Notifique do teor deste despacho o requerente.
Do assim decidido veio o arguido interpor recurso para o Tribunal Constitucional, invocando os artigo 207.°, 277.° e 280.°, n.° l, alínea b), da Constituição, e 69.°, 70.°, n.os l, alínea b), e 2, 71.° e 72.°, n.os l, alínea b) e 2, da Lei n.° 28/82, de 15 de Novembro (fls. 27), mas tal recurso não foi admitido por despacho de 12 de Outubro de 1988, do seguinte teor:
Nos termos do Código de Processo Penal — artigo 400.°, n.° l, alínea b) — não é admissível recurso das decisões dependentes da livre resolução do Tribunal.
E o quantum da taxa de justiça a aplicar é decisão dependente da livre resolução do tribunal, desde que dentro dos limites legais.
Já o não é a decisão de aplicação ou não da taxa de justiça da qual cabe recurso a subir imediatamente — artigo 407.°, n.° l, alínea d), do Código de Processo Penal.
E o requerimento a fls. 54 vem pôr em causa a aplicação da taxa de justiça, e não o seu quantum.
É assim, manifestamente infundado o recurso interposto pelo requerimento a fls. 58, pelo que, nos termos das disposições conjugadas dos artigos citados naquele requerimento mas também do artigo 76.°, n.° 2, do Decreto-Lei n.° [ter-se-á querido dizer lei] n.° 28/82, de 15 de Novembro, o indefiro.
Notifique.
É deste despacho que vem interposta a presente reclamação.
Ao mandar enviar os autos ao Presidente do Tribunal Constitucional, o Ex.mo Juiz implicitamente manteve o despacho reclamado, pelo que se pode dar por cumprido o disposto no n.° 3 do artigo 688.° do Código de Processo Civil.
Tudo visto.
II — No despacho reclamado invocam-se dois fundamentos para a não admissão do recurso:
Sua inadmissibilidade por a decisão recorrida ser irrecorrível «por natureza»; Sua manifesta falta de fundamento.
II — l — Antes de mais há que apurar se a decisão impugnada — exigência do pagamento da taxa de justiça no montante de 8 UC para a abertura da instrução — é, por sua natureza, insusceptível de recurso.
O próprio reclamante aderiu a este ponto de vista, ao escrever a fls. 2 v.°:
[...] é verdade que o disposto no artigo 185.°, alínea
- a)do Código das Custas Judiciais na redacção do Decreto-Lei n.° 387-D/87, de 29 de Dezembro, no que se refere ao seu quantum, é matéria insindicável por via de recurso (artigo 400.°, n.° l, alínea
- b)do Decreto-Lei n.° 78/87), como o reclamante aliás disse no seu requerimento de fls. 58, e o Sr.

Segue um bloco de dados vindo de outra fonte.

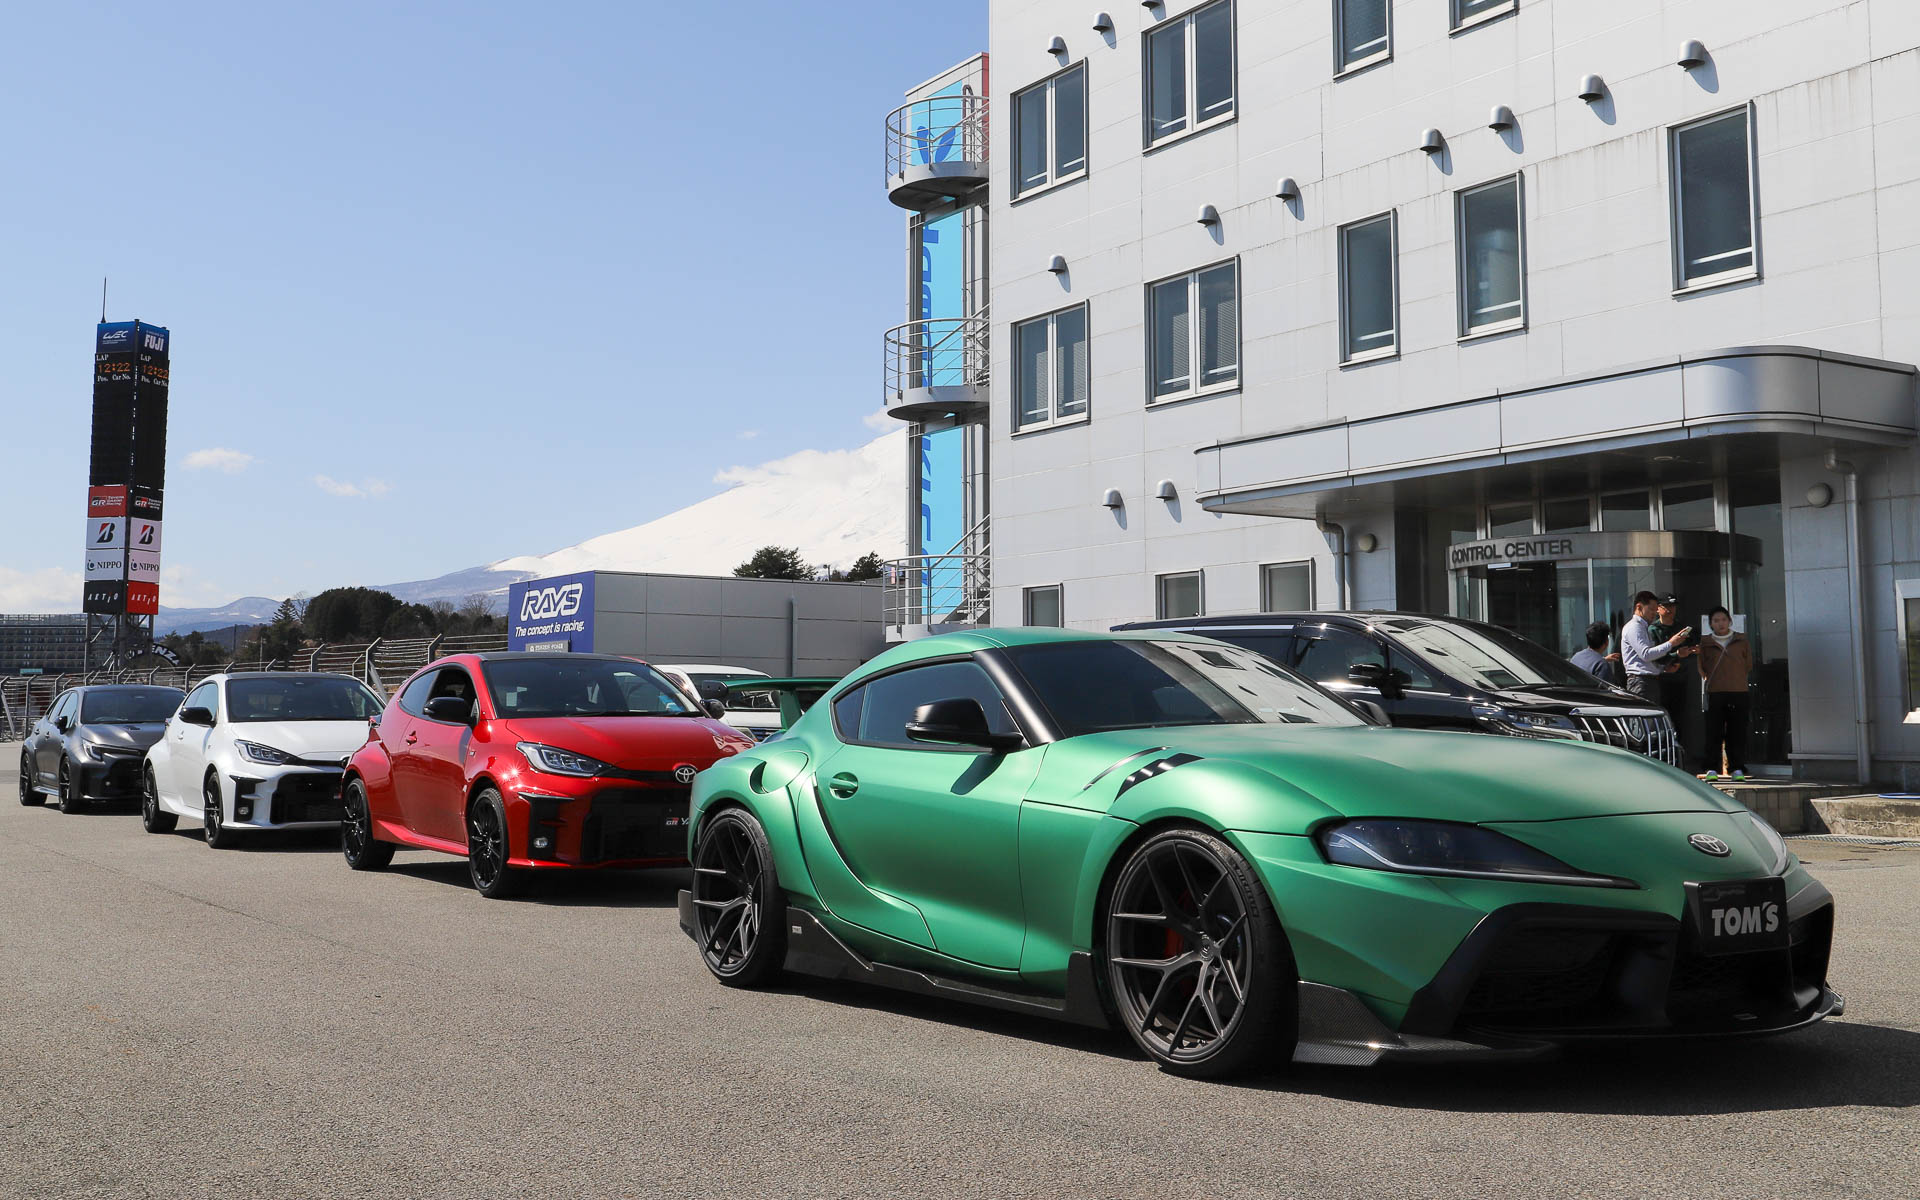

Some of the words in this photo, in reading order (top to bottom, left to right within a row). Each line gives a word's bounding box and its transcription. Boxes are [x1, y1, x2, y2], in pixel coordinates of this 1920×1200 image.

[103, 330, 128, 339] WEC
[144, 334, 164, 351] FUJI
[96, 353, 109, 361] LAP
[140, 354, 152, 362] LAP
[98, 362, 131, 374] 12:22
[143, 364, 169, 380] 12:22
[92, 498, 106, 506] GR
[1451, 543, 1502, 564] CONTROL
[1505, 539, 1573, 558] CENTER
[97, 560, 122, 569] NIPPO
[139, 563, 160, 572] NIPPO
[520, 582, 583, 622] RAYS
[515, 626, 527, 638] The
[527, 623, 553, 637] concept
[553, 621, 561, 633] is
[561, 619, 585, 632] racing.
[1711, 900, 1779, 937] TOM'S

Juiz reafirma a fls. 62, razão pela qual se recorreu directamente para esse Tribunal.
E acrescentou, no requerimento de fls. 27:
Não há lugar a recurso ordinário porque a substância do despacho, o quantum do imposto de justiça, é de facto poder discricionário do juiz, embora esteja vinculado ao dever de fundamentar de facto e de direito, e dele não cabe recurso ordinário [artigo 400.°, n.° l, alínea
b) do Decreto-Lei n.° 78/87), de 17 de Dezembro].

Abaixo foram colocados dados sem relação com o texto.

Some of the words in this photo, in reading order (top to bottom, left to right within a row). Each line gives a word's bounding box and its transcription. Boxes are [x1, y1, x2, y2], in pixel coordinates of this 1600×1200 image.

Mais adiante, no mesmo requerimento, ainda veio dizer:
E o Tribunal da Relação num recurso circunscrito à matéria de inconstitucionalidade não tem competência para em último lugar declarar com força obrigatória geral a inconstitucionalidade de uma norma; e mesmo que revogasse o despacho por inconstitucionalidade da norma em crise, o Ministério Público era obrigado a recorrer ex vi artigo 280.°, n.os l e 2, da Constituição da República Portuguesa, mais artigo 72.°, n.° l, alínea c) e n.° 3 da Lei n.° 28/82, de 15 de Novembro, traduzindo-se no acto inútil que não pode ter lugar nos termos do artigo 137.° do Código de Processo Civil e violando o princípio da celeridade processual (cf. requerimento a fls. 27).
II — 2 — Como se acentuou, o arguido requereu a abertura da instrução, e o juiz, ao deferir aquele requerimento, fixou a taxa de justiça em 8 UC.

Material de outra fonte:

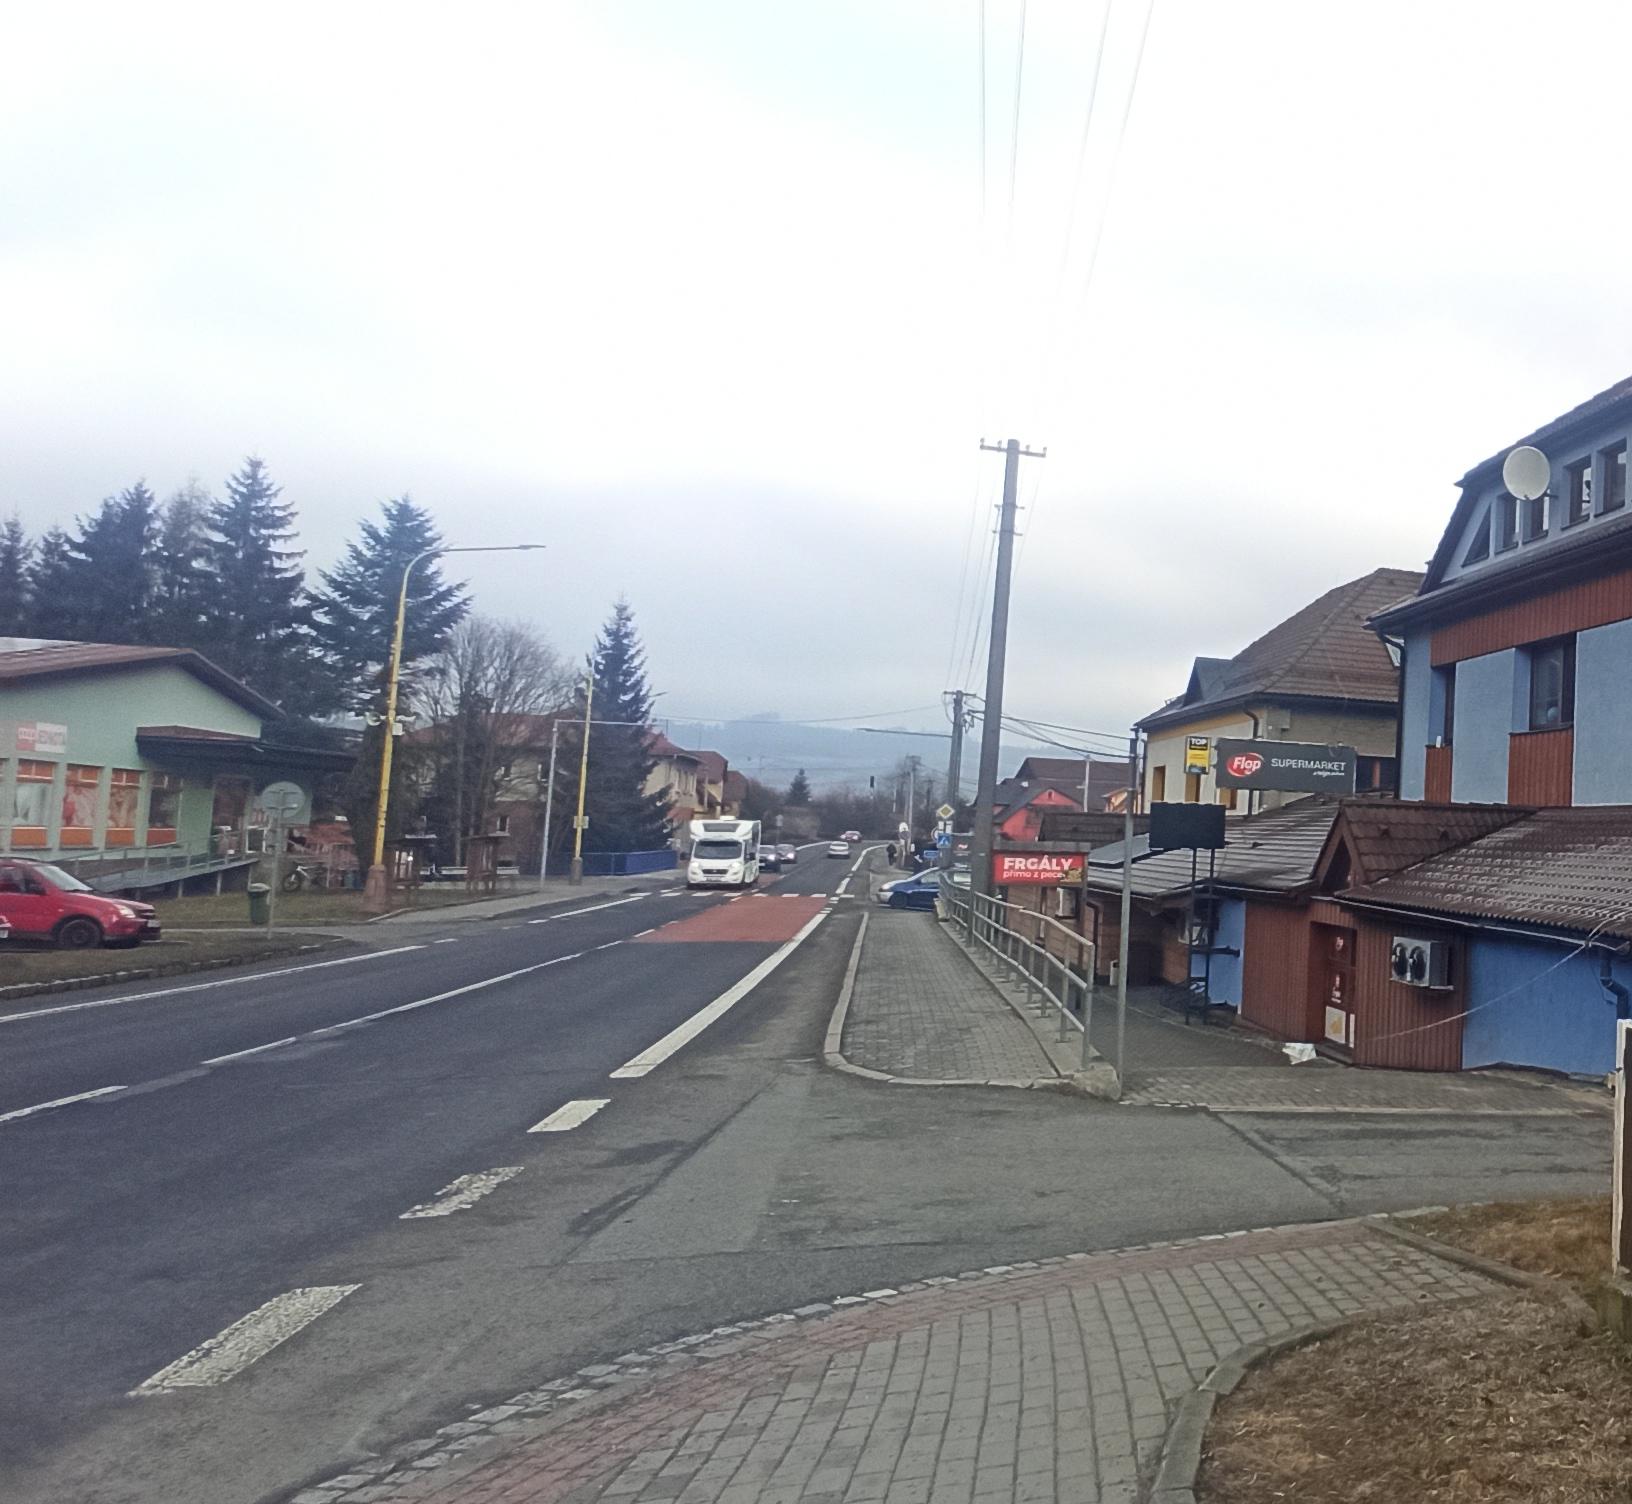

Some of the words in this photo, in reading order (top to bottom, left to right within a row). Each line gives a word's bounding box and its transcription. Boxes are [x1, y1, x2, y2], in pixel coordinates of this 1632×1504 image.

[1232, 756, 1262, 772] Flop
[1271, 758, 1347, 771] SUPERMARKET
[1003, 854, 1073, 871] FRGÁLY

Fê-lo ao abrigo do disposto na alínea
a) do artigo 185.° do Código das Custas Judiciais.
Ali se preceitua:
Nos incidentes é devida taxa de justiça nos termos seguintes:
a) Pela realização de instrução: l UC a 10 UC.
Para se concluir que a decisão que fixou a taxa de justiça é insusceptível de recurso ordinário há que partir da premissa de que ela se integra nos casos previstos na alínea
b) do artigo 400.° do actual Código de Processo Penal.
Na referida alínea
b) está estatuído: «não é admissível recurso de decisões que ordenem actos dependentes de livre resolução do Tribunal».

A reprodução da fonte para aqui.